The accumulation of carbon dioxide, the primary heat-trapping gas contributing to global warming, also is expected to damage corals by making the oceans more acidic.
"To our knowledge, ocean acidification doesn't kill corals, but what it does is it makes them grow more slowly," Eakin said.
Carbon dioxide in the atmosphere is now higher than any time in 800,000 years.
"We probably sometime around the 1980s passed the levels that are conducive to coral reef growth in terms of temperatures and CO2 in the atmosphere," Eakin said. "What we really need is to get back to where we were in the '80s."
That would mean reducing greenhouse gases to about 350 parts per million.
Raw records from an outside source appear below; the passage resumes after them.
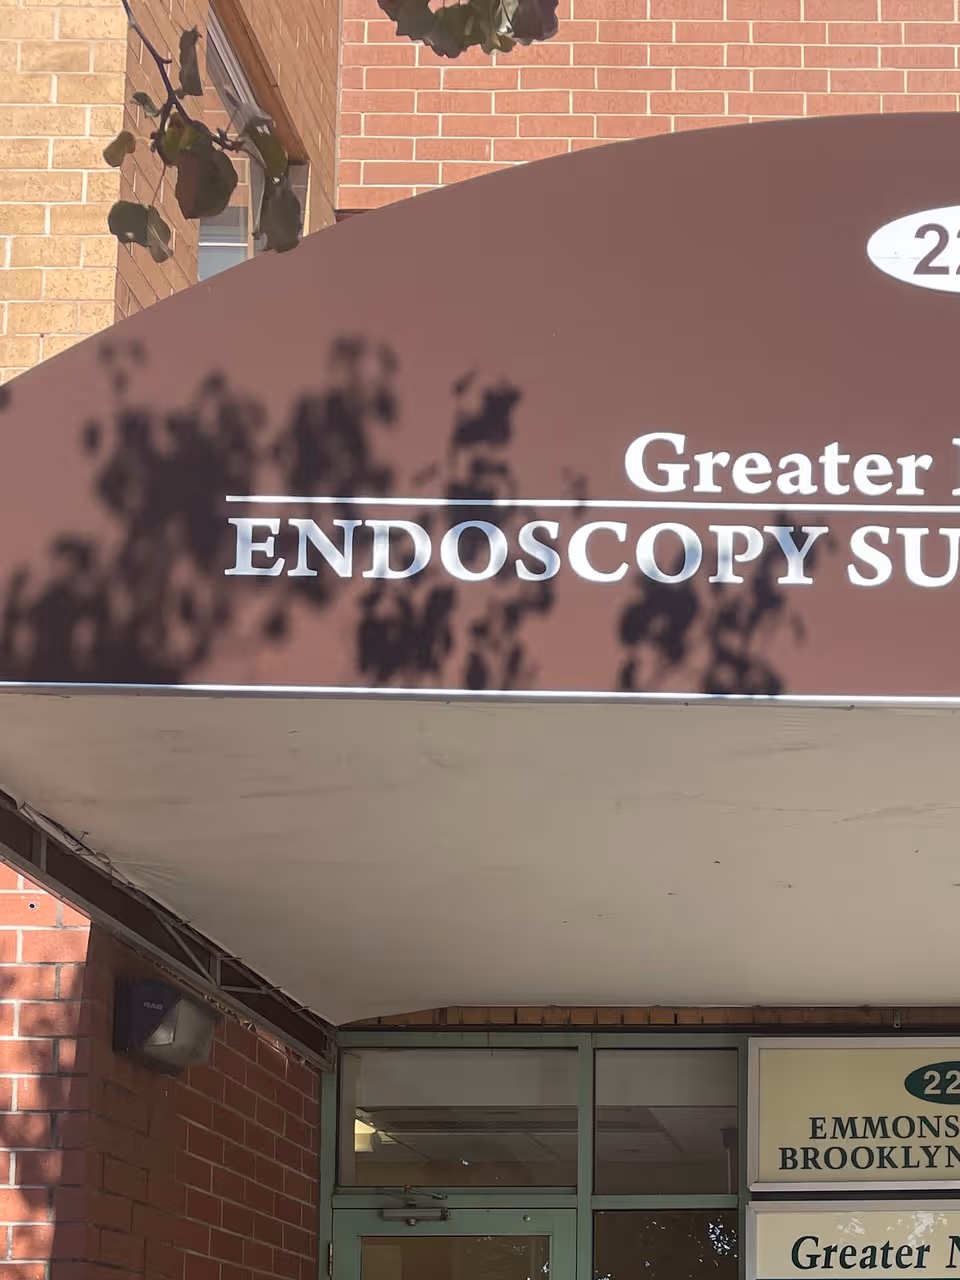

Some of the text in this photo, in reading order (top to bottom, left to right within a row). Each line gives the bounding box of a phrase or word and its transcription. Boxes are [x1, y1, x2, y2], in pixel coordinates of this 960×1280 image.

[625, 433, 932, 495] Greater
[225, 518, 828, 584] ENDOSCOPY
[809, 1115, 960, 1139] EMMONS
[791, 1235, 931, 1269] Greater
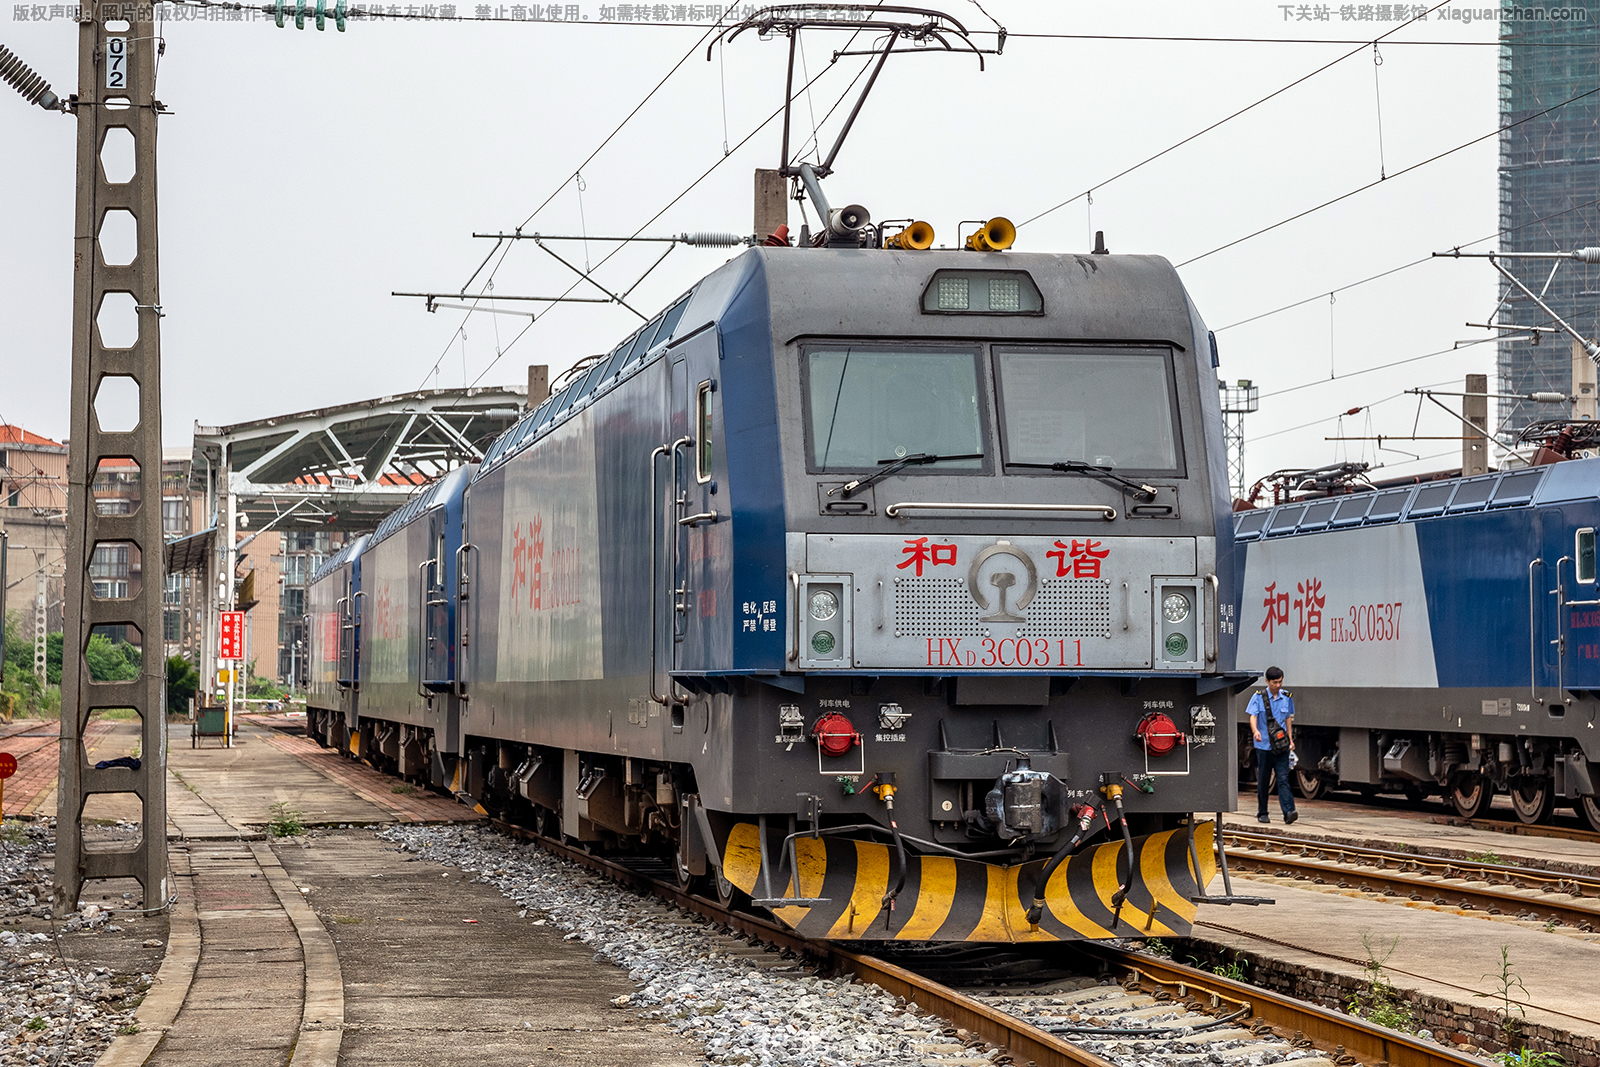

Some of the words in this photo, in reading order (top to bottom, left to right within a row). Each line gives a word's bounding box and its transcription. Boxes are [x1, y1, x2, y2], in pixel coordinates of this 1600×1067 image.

It's 390 now and will be 560, or double preindustrial levels, by mid-century, according to the latest projections.
At that level, "we'll have major problems in reefs around the world," Eakin said.
"I don't think we're going to lose all corals, but we will probably lose species, and ecosystems will be severely degraded."
The World Resources Institute report projected that if current rates of greenhouse gas emissions continue, about half of the world's reefs will suffer enough warming to cause severe bleaching most years in the 2030s, and 95 percent of them will in the 2050s.